**To do:** Below are records with pictures; copy word for word only the lines between the line with "this 960×1280 image." and the line with "Some of the words", inclusive, and drop the pictures.

**Extracted data:**
[Start of Attachment]

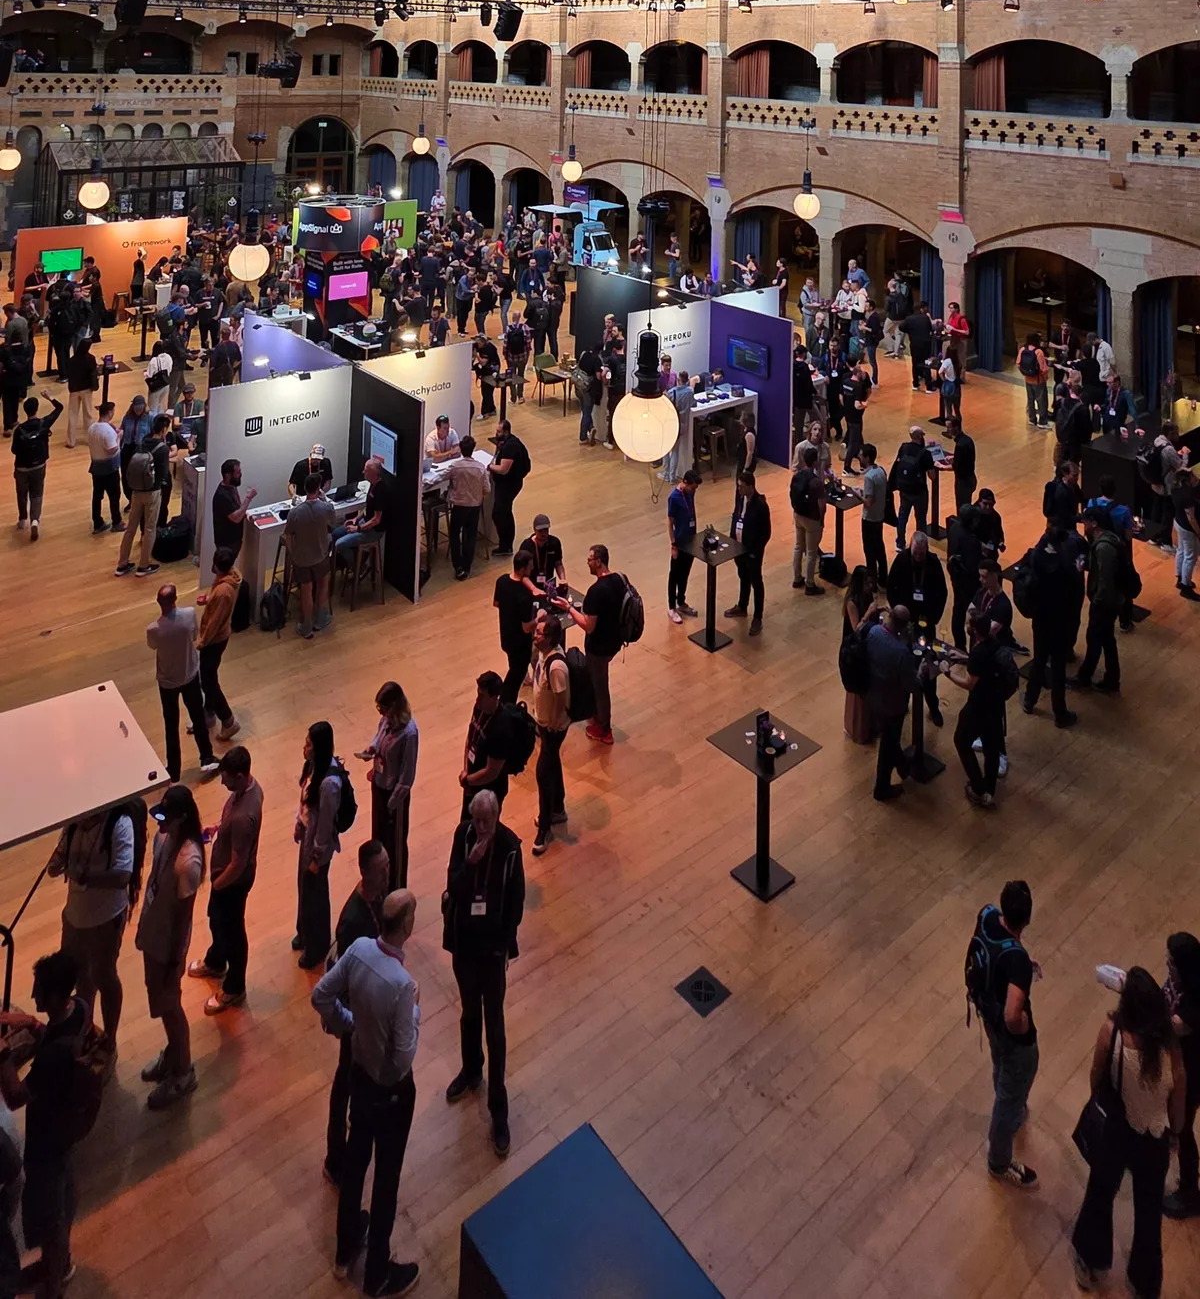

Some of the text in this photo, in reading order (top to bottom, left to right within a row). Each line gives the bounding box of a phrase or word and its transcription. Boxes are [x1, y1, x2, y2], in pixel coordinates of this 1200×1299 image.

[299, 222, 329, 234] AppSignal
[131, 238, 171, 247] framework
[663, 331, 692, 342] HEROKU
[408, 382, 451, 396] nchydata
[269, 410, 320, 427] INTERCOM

[End of Attachment]
[Start of Attachment]

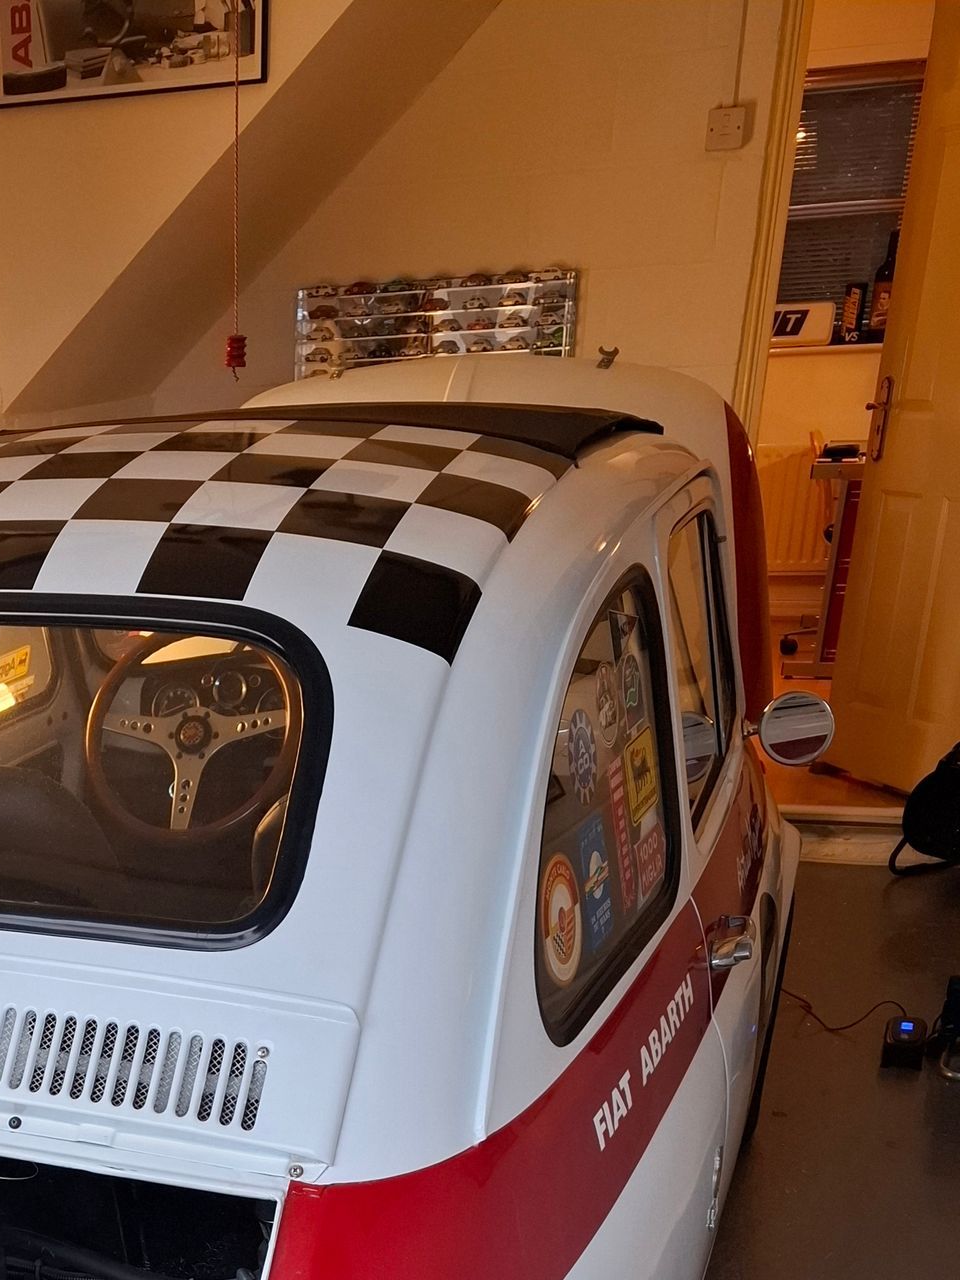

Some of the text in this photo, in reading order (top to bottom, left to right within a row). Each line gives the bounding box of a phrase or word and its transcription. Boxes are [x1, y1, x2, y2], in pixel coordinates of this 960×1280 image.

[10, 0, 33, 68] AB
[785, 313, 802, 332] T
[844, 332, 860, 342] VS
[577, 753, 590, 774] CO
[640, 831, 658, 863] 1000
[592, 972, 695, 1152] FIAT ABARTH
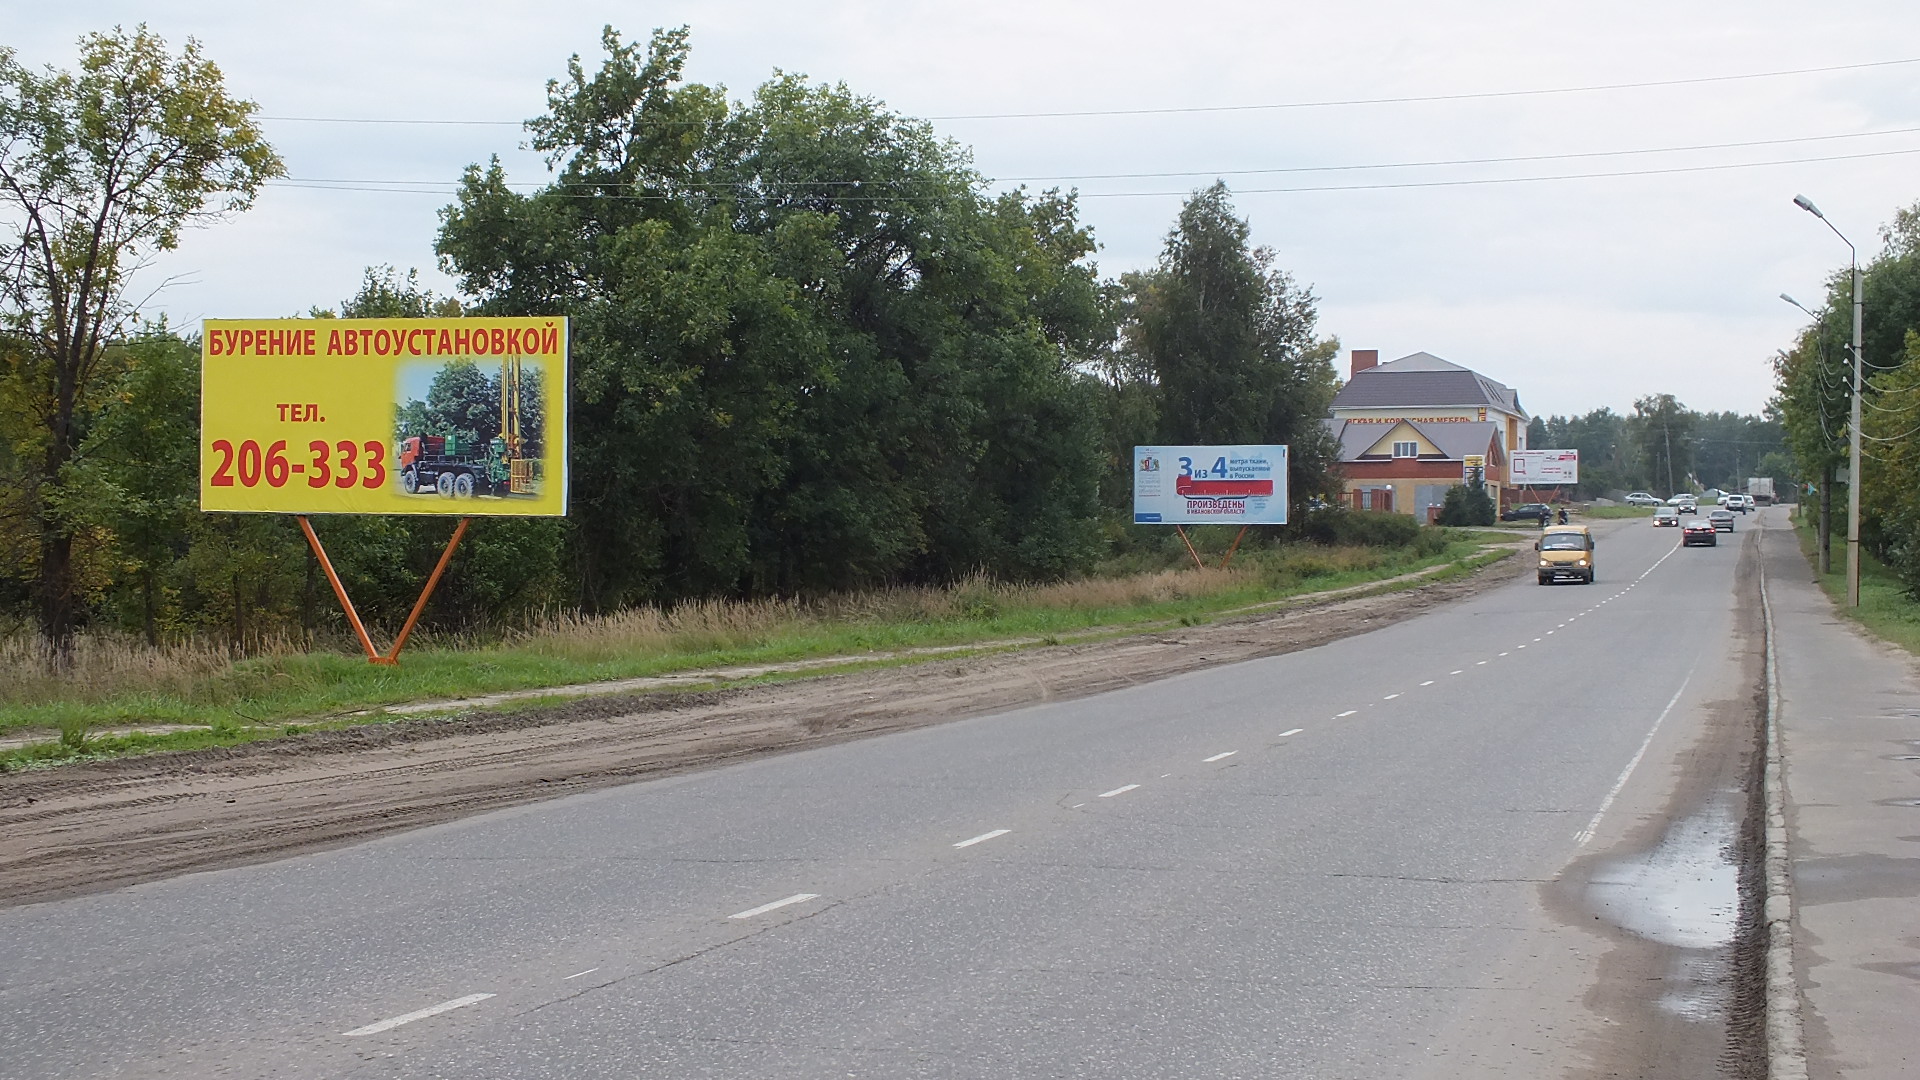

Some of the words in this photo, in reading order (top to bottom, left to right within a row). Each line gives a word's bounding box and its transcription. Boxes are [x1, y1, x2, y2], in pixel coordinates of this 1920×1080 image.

[End of Attachment]
[Start of Attachment]

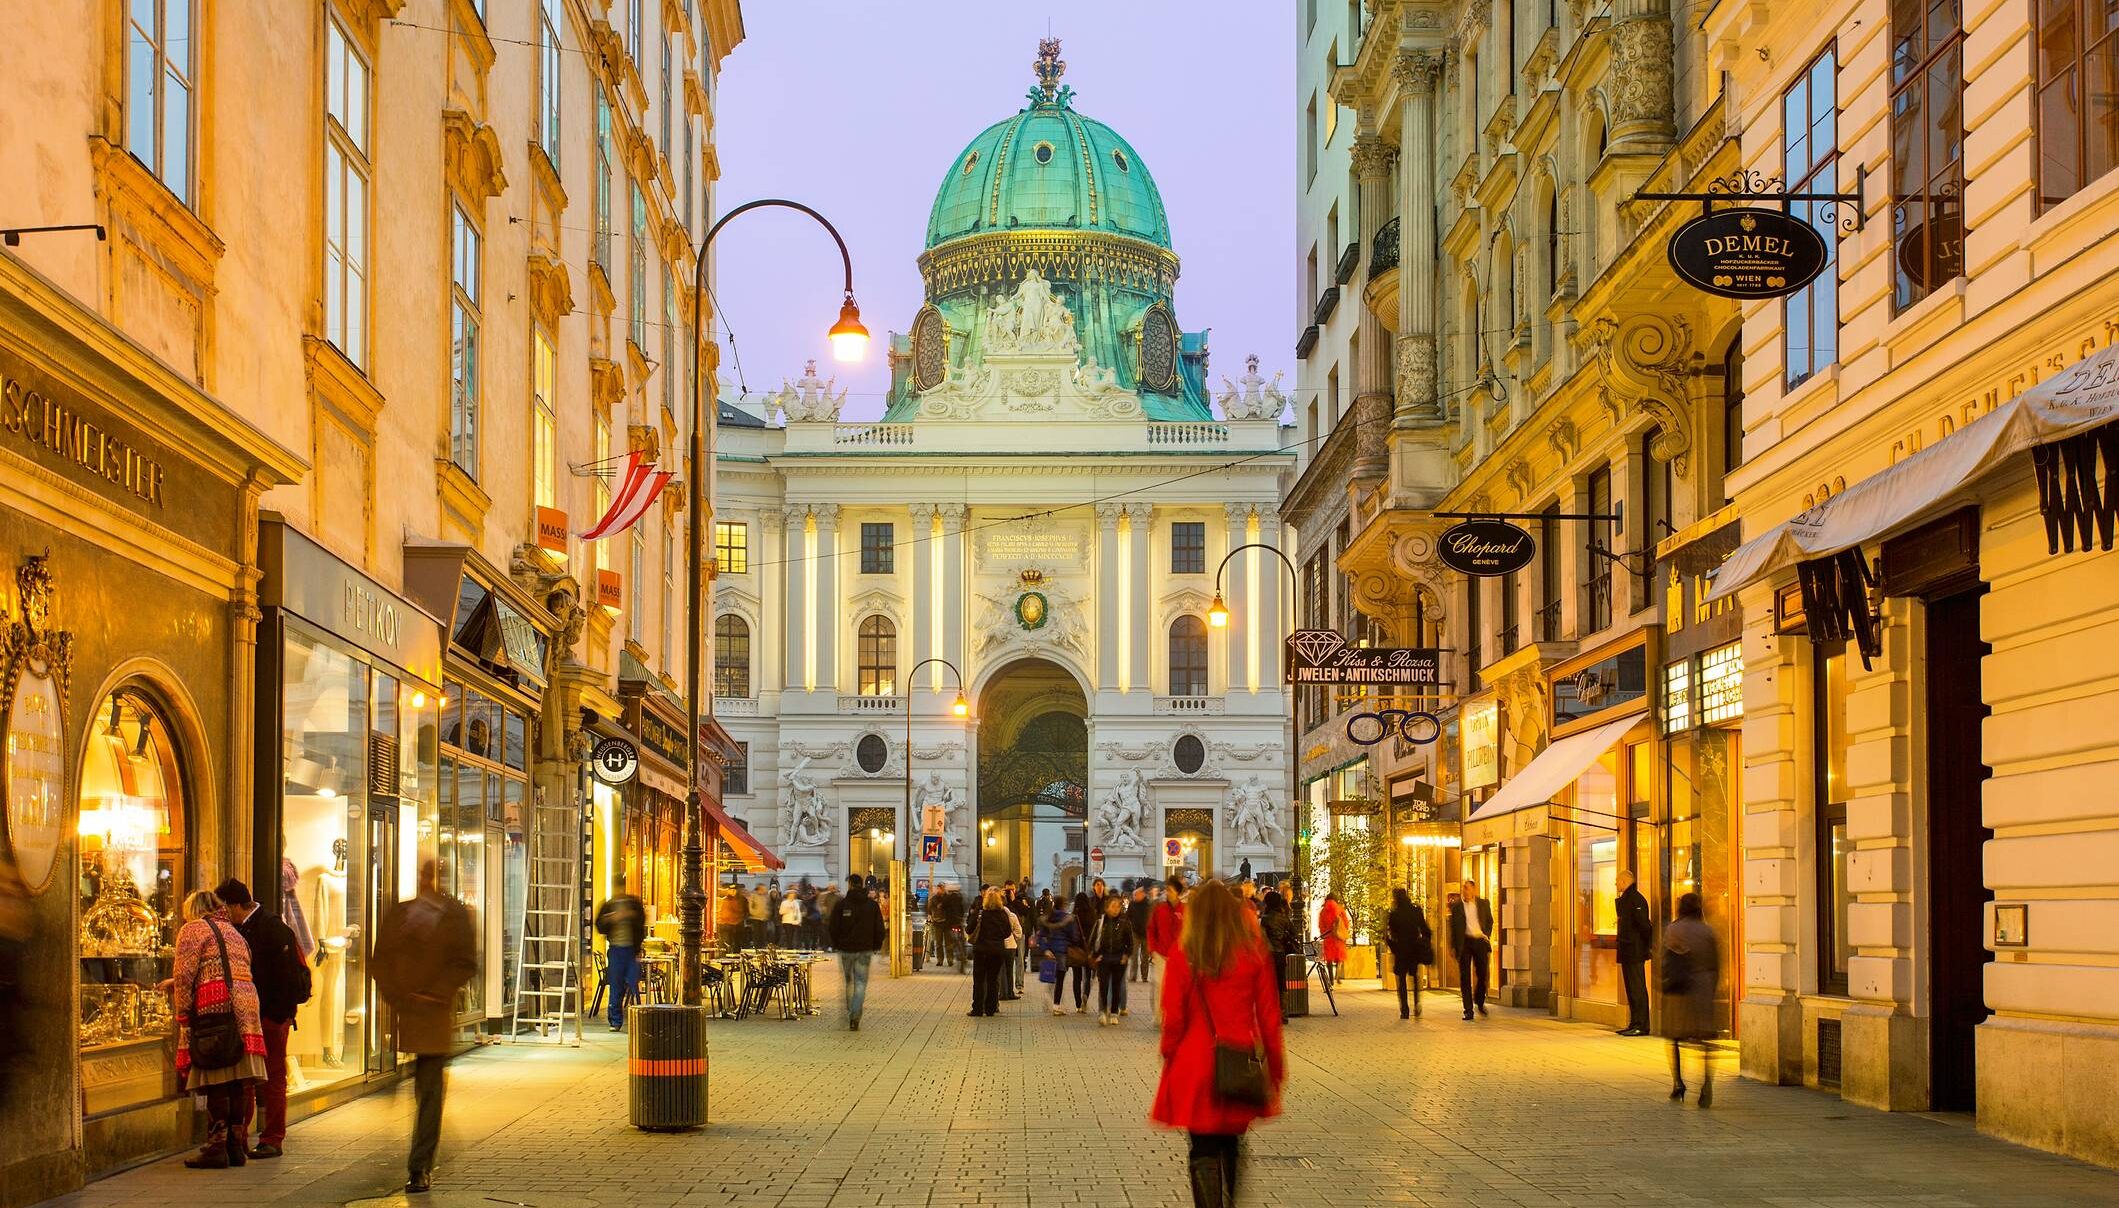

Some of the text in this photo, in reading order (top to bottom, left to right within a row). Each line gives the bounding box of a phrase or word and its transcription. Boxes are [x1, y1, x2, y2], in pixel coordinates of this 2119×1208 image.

[End of Attachment]

**Finished exercise:**
Some of the text in this photo, in reading order (top to bottom, left to right within a row). Each line gives the bounding box of a phrase or word and its transcription. Boxes are [x1, y1, x2, y2], in pixel coordinates of this 960×1280 image.

[10, 0, 33, 68] AB
[785, 313, 802, 332] T
[844, 332, 860, 342] VS
[577, 753, 590, 774] CO
[640, 831, 658, 863] 1000
[592, 972, 695, 1152] FIAT ABARTH

Some of the words in this photo, in reading order (top to bottom, left to right within a row). Each line gives a word's bounding box and its transcription. Boxes are [x1, y1, x2, y2], in pixel coordinates of this 1920×1080 image.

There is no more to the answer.